There's a "\(-\)" sign in the formula.
Thus the order of the terms is actually crucial!
This is a very common misstake students make!
What if we had a function inside a function?
Let's say we have \(f(g(x))\).
Its derivative would be:
$$\frac{d}{dx} f(g(x)) = f'(g(x)) \cdot g'(x)$$
Look at this example:
Let \(f(x) = (x^2 + 1)^3\)
To differentiate it, first apply Power Rule "outside", then multiply by the derivative of the "inside":
$$f'(x) = 3 \cdot (x^2 + 1)^2 \cdot (x^2 + 1)'$$
Which becomes:
$$f'(x) = 3 \cdot (x^2 + 1)^2 \cdot 2x = 6x \cdot (x^2 + 1)^2$$
Done!
Think of it as:
$$\text{outside}' \times \text{inside}'$$
Let \(f(x) = \ln(x)\)
This is a property of \(\ln(x)\):
$$\frac{d}{dx} \ln(x) = \frac{1}{x}$$
So let's make it interesting...
Let \(g(x) = \ln(u)\), where \(u\) is a function.
We can use Chain Rule:
$$\frac{d}{dx} \ln(u) = \frac{1}{u} \cdot u' = \frac{u'}{u}$$
So, whenever you have \(\frac{d}{dx} \ln(f(x))\), it's equal to \(\frac{f'(x)}{f(x)}\)
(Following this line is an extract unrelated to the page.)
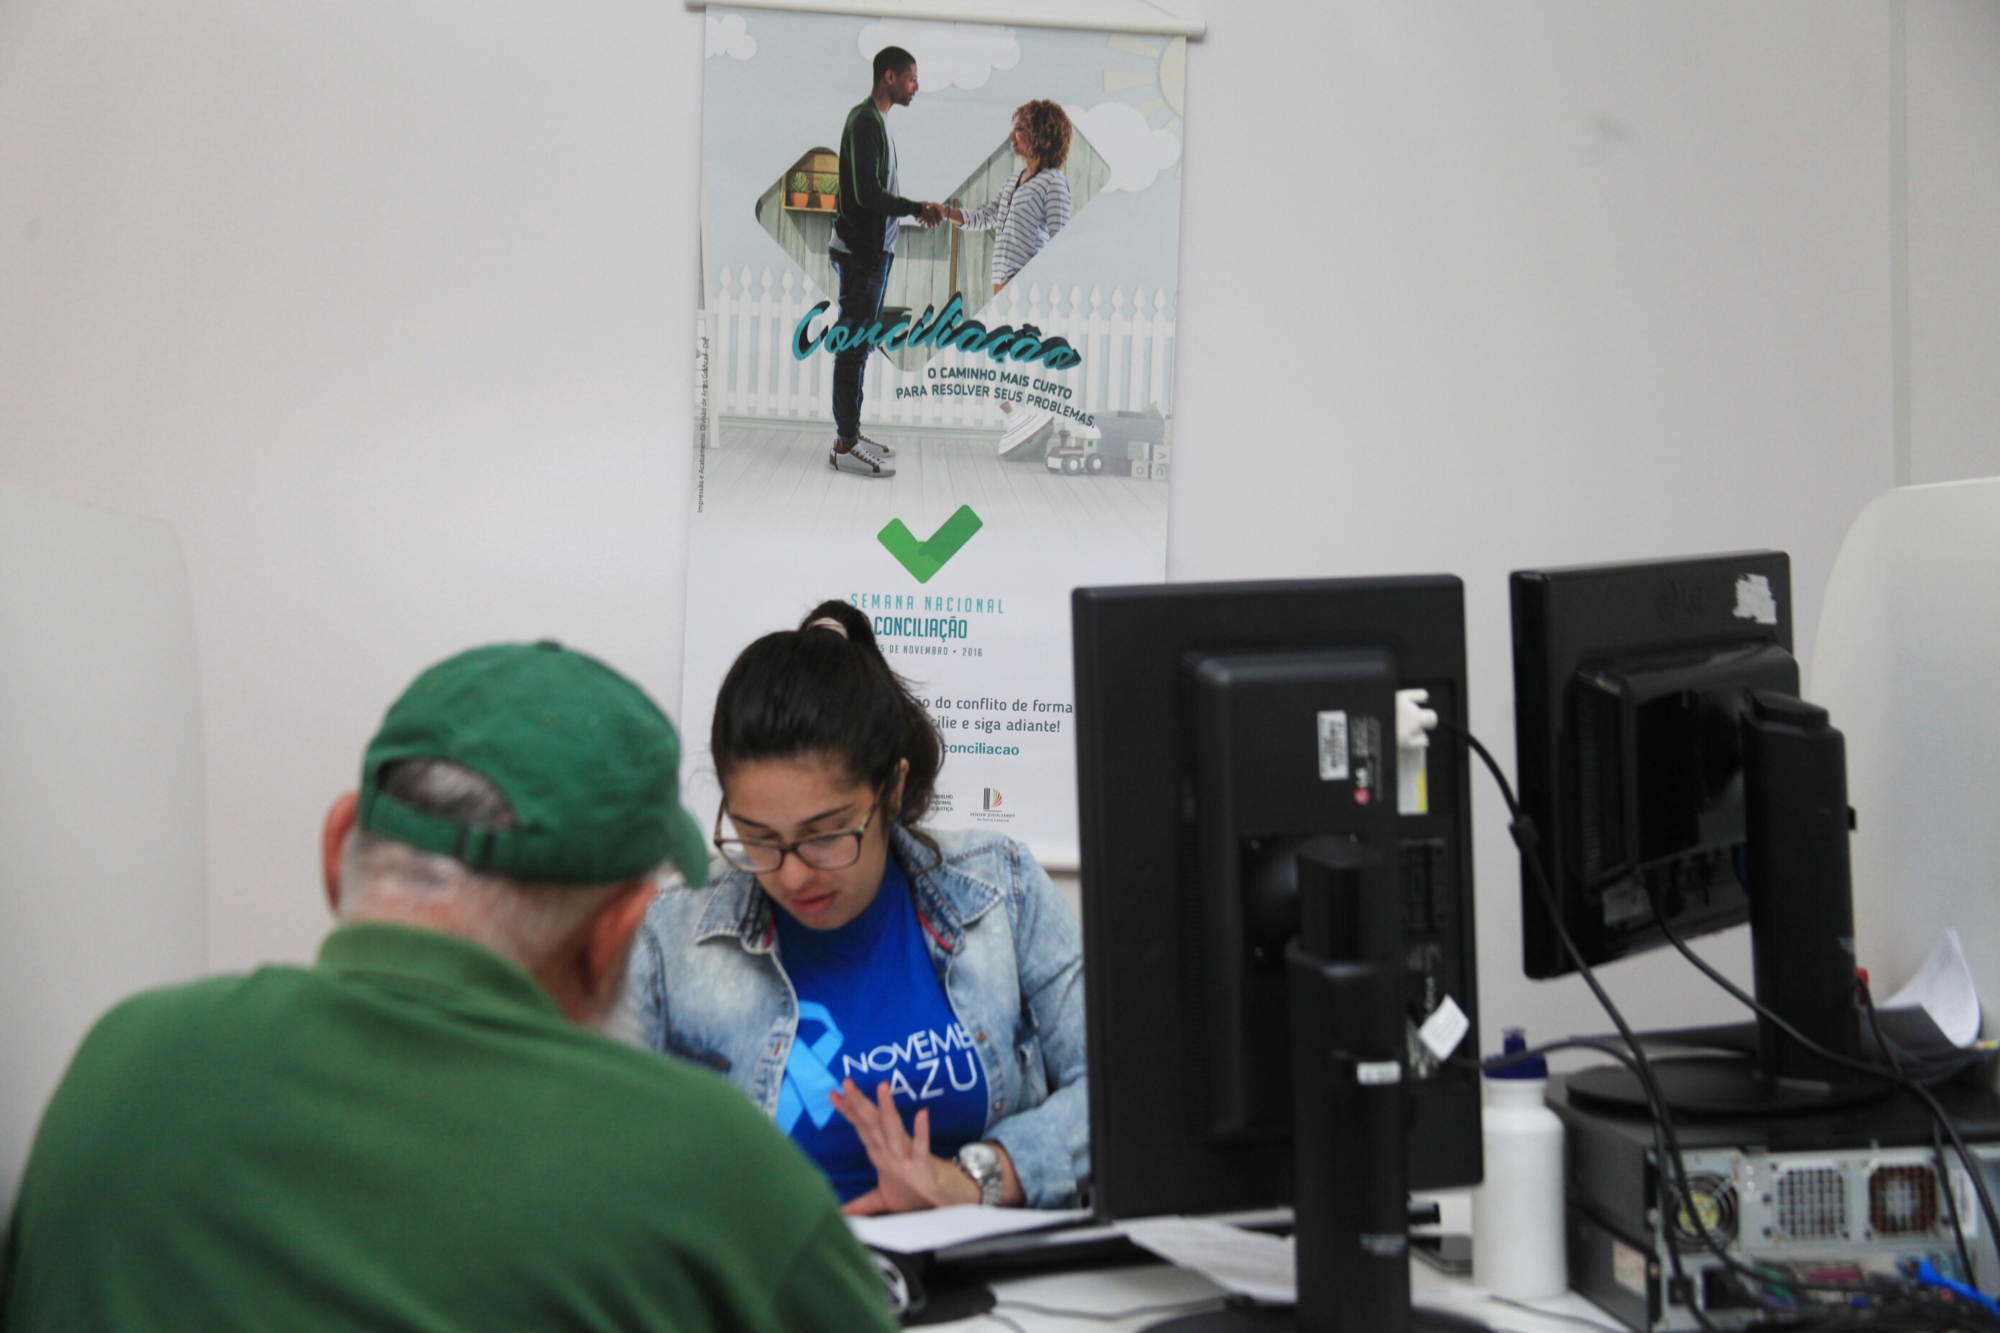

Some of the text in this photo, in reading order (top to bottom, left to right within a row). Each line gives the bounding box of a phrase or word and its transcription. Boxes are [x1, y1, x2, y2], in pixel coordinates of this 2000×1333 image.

It's just the derivative of the function divided by the function itself.
Let \(f(x) = \log_a(x)\)
Let's differentiate it!
$$\frac{d}{dx} \log_a(x)$$
To do so, we can use a property of logarithms to change the base:
$$\log_a(x) = \frac{\ln(x)}{\ln(a)}$$
Now, use Quotient Rule:
$$\left(\frac{u}{v}\right)' = \frac{u'v - uv'}{v^2}$$
$$u = \ln(x) \implies u' = \frac{1}{x}$$
$$a \text{ is constant } \implies \ln(a) \text{ is constant}$$
$$\therefore v = \ln(a) \implies v^2 = \left(\ln(a)\right)^2 \implies v' = 0$$
Substituting in the formula:
$$\left(\frac{\ln(x)}{\ln(a)}\right)' = \frac{\frac{1}{x} \cdot \ln(a) - \ln(x) \cdot 0}{\left(\ln(a)\right)^2} = \frac{\frac{1}{x} \cdot \ln(a)}{\left(\ln(a)\right)^2} = \frac{\ln(a)}{x \cdot \left(\ln(a)\right)^2} = \frac{1}{x \cdot \ln(a)}$$
Therefore:
$$\frac{d}{dx} \log_a(x) = \frac{1}{x \cdot \ln(a)}$$
Let \(f(x) = e^x\)
\(e^x\) has a unique property. When you differentiate it, it results in itself. So it doesn't change:
$$\frac{d}{dx} e^x = e^x$$
Now, let's say \(g(x) = e^{kx}\), where \(k\) is a constant.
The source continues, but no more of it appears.